Следовало обмакивать твердое в жидкое и с наслаждением поглощать.
С одной стороны, это казалось выше наших сил. С другой — можно ли было обижать хозяина?
Мы взяли по кусочку и поступили с ними как следовало.
Но чеснок! Этот чеснок! Этот проклятый чеснок в бульоне! Он возбуждал аппетит, даря обманчивое ощущение, что можно съесть еще кусочек!.. и еще кусок!.. Эта сладкая говядина, совсем недавно мирно хрупавшая комбикормом!.. Эти клецки!.. Боже мой!..
Я плохо помню, как мы ехали к дому. Кряхтя и постанывая, Коля изо всех сил старался вести машину прямо. На зайцев он уже не обращал внимания. Должно быть, милосердие в нем было временно убито осетинским блюдом под названием «жишгали».
Палыч
История литературы битком набита разнообразными советами насчет того, как надо писать. Ни один более или менее значительный автор не пожалел времени, чтобы сформулировать собственный рецепт. (О незначительных и не говорю — графоманы всегда начинают с громких деклараций и директив.)
Лично я руководствуюсь ориентирами, намеченными в свое время в одном из бессмертных стихотворений Палыча:
…писать надо так,
Чтоб вздохами лифчики рвбались!..
Понятно, что, когда я, следуя этому принципу, завершал работу над новым стихотворным произведением, мне хотелось показать его именно
Палычу, чтобы получить одобрение, касающееся конкретной реализации его эстетических идей.

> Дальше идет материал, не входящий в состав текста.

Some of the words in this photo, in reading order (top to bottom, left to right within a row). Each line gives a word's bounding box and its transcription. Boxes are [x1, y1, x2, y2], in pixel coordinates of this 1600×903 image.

Палыч брезгливо брал в руки листок.
— Да, — вздыхал он, прочтя. — Знаешь, как один полковник говорил?
Непонятно, как стихи…
— Ты, кажется, чего-то не понял? — осторожно интересовался я. Во мне еще жила надежда на одобрение и восхищение.
— Вообще ничего не понял, — равнодушно отвечал он. — Муть какая-то.

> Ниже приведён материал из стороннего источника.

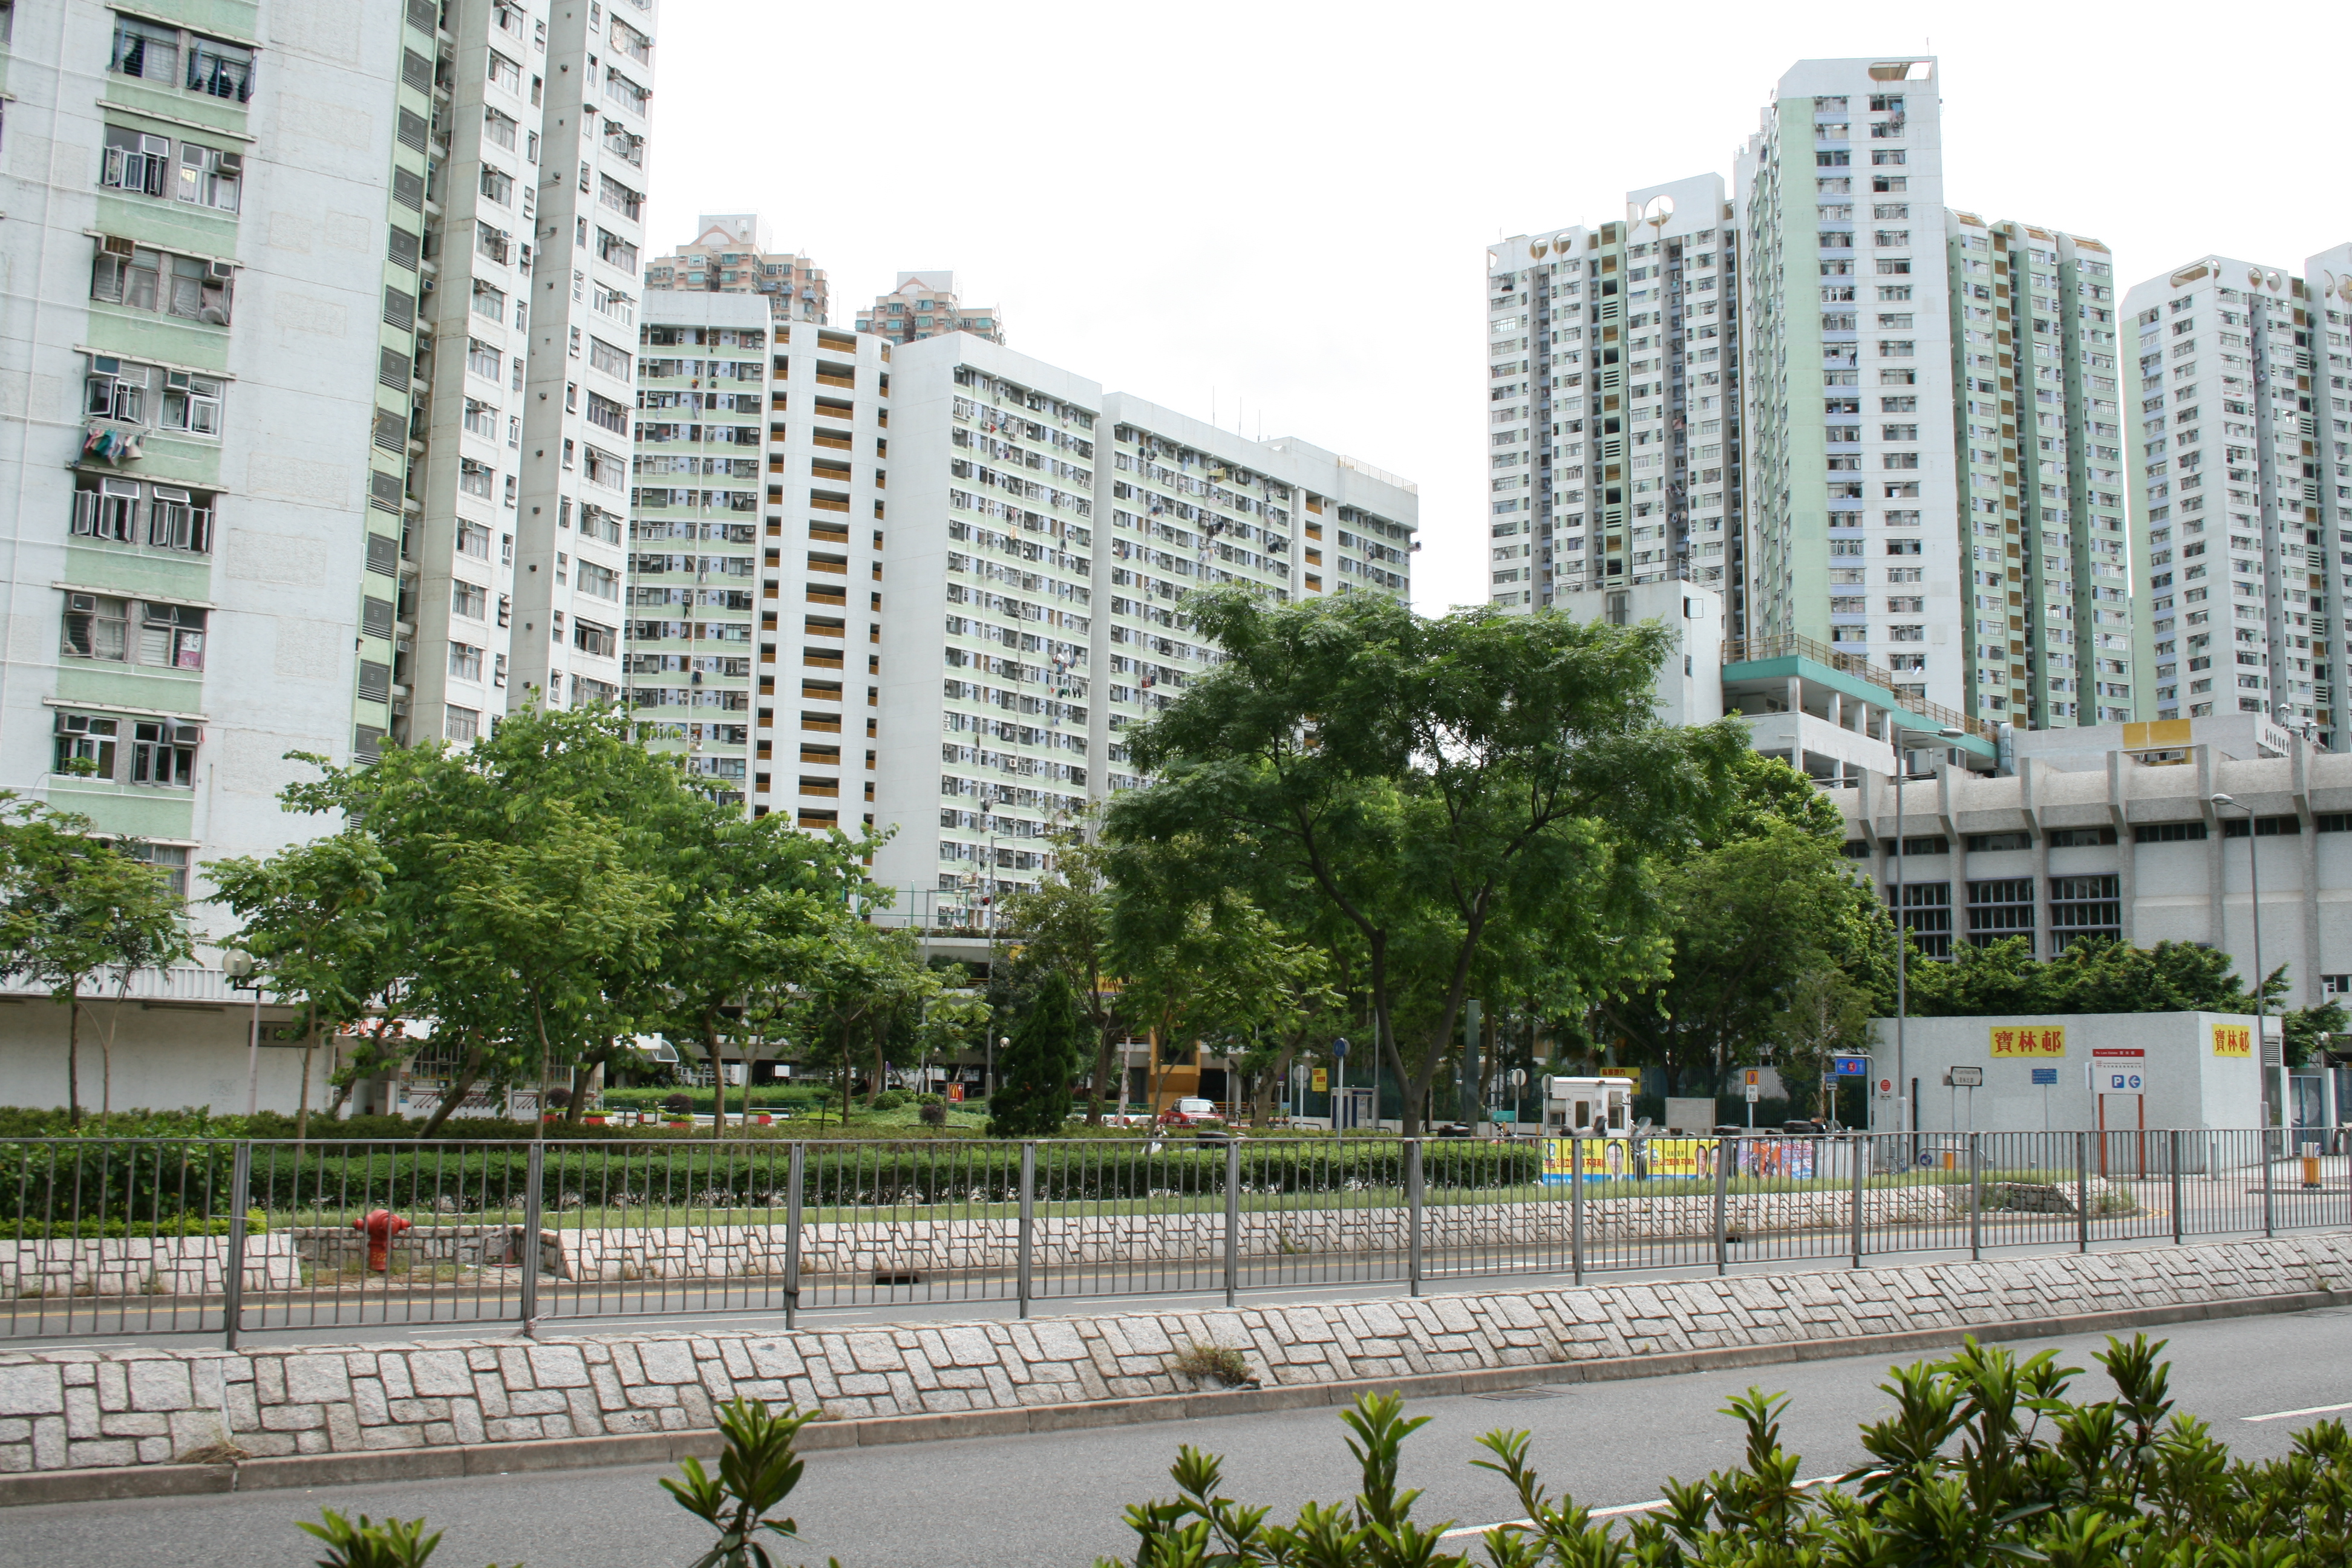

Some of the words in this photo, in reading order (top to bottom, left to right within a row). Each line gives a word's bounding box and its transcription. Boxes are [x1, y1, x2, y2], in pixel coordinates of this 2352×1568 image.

[1994, 1030, 2061, 1053] 寶林邨
[2215, 1028, 2249, 1052] 寶林邨
[2114, 1077, 2122, 1086] P

— Почему муть?! — возмущался я. — Давай я сам прочту, ты все поймешь!
— Я со слуха еще хуже понимаю, — хладнокровно говорил он, возвращая листик. — Нет, знаешь, это не для меня… слишком умно. Точнее — туманно. Для меня нужно писать просто. Как для дураков пишут. Вот напишешь как для дураков, тогда я пойму.
И надо сказать, много раз я, добиваясь его одобрения, переделывал написанное совершенно до неузнаваемости. Однажды, например, из трех четверостиший мне пришлось сделать четырнадцать. Только тогда он согласился: да, мол, вот это уже для дураков!
— Вот так и пиши! — поощрял он меня. — Пиши для дураков!
Собственно говоря, так я с тех пор и делаю.
Партия
Как известно, в Советском Союзе была только одна партия -
Коммунистическая. Она писалась с большой буквы.
Другие партии писались с маленькой и представляли собой административно-хозяйственные подразделения различных геологических, геофизических, геодезических, географических, топографических, метеорологических, фольклористических и прочих экспедиций.
Для того чтобы наглядней показать разницу между Коммунистической партией Советского Союза и просто партией, приведем антикварный анекдот.
Чукча встречает в тундре изможденного, обмороженного, бородатого человека с геологическим молотком в руках, в полевом обмундировании и полевой (см. Поле) сумкой на боку.
— Как к поселку выйти? — обессиленно спрашивает человек, опираясь о рукоять молотка.
— А ты, однако, кто? — спрашивает хитрый чукча.
— Я — начальник партии.
Чукча без раздумий вскидывает карабин и валит незнакомца точным выстрелом в голову.
— Чукча, однако, знает, кто у нас начальник Партии!.. — хмуро бормочет он, закидывая карабин за спину.
Единство и неделимость подтверждались также другим анекдотом.
Расслабленный старческим маразмом генсек Л. И. Брежнев с трудом гладит по голове стоящую перед ним внучку.
— Машенька, — говорит он заплетающимся языком, — кем ты станешь, когда вырастешь?
— Генеральным секретарем, дедушка! — звонко отвечает внучка.
Брежнев отдергивает руку и грозит пальцем:
— Что ты, Маша! Генеральный секретарь у нас только один!
Пассажиры
В детстве я видел, как водитель защемил дверью выходящего пассажира-безбилетника. Это был старый хороший автобус Львовского автобусного завода. И двери у него были быстрые, не то что у теперешних. Заяц сунул голову на выход, а ловкач шофер его и защеми.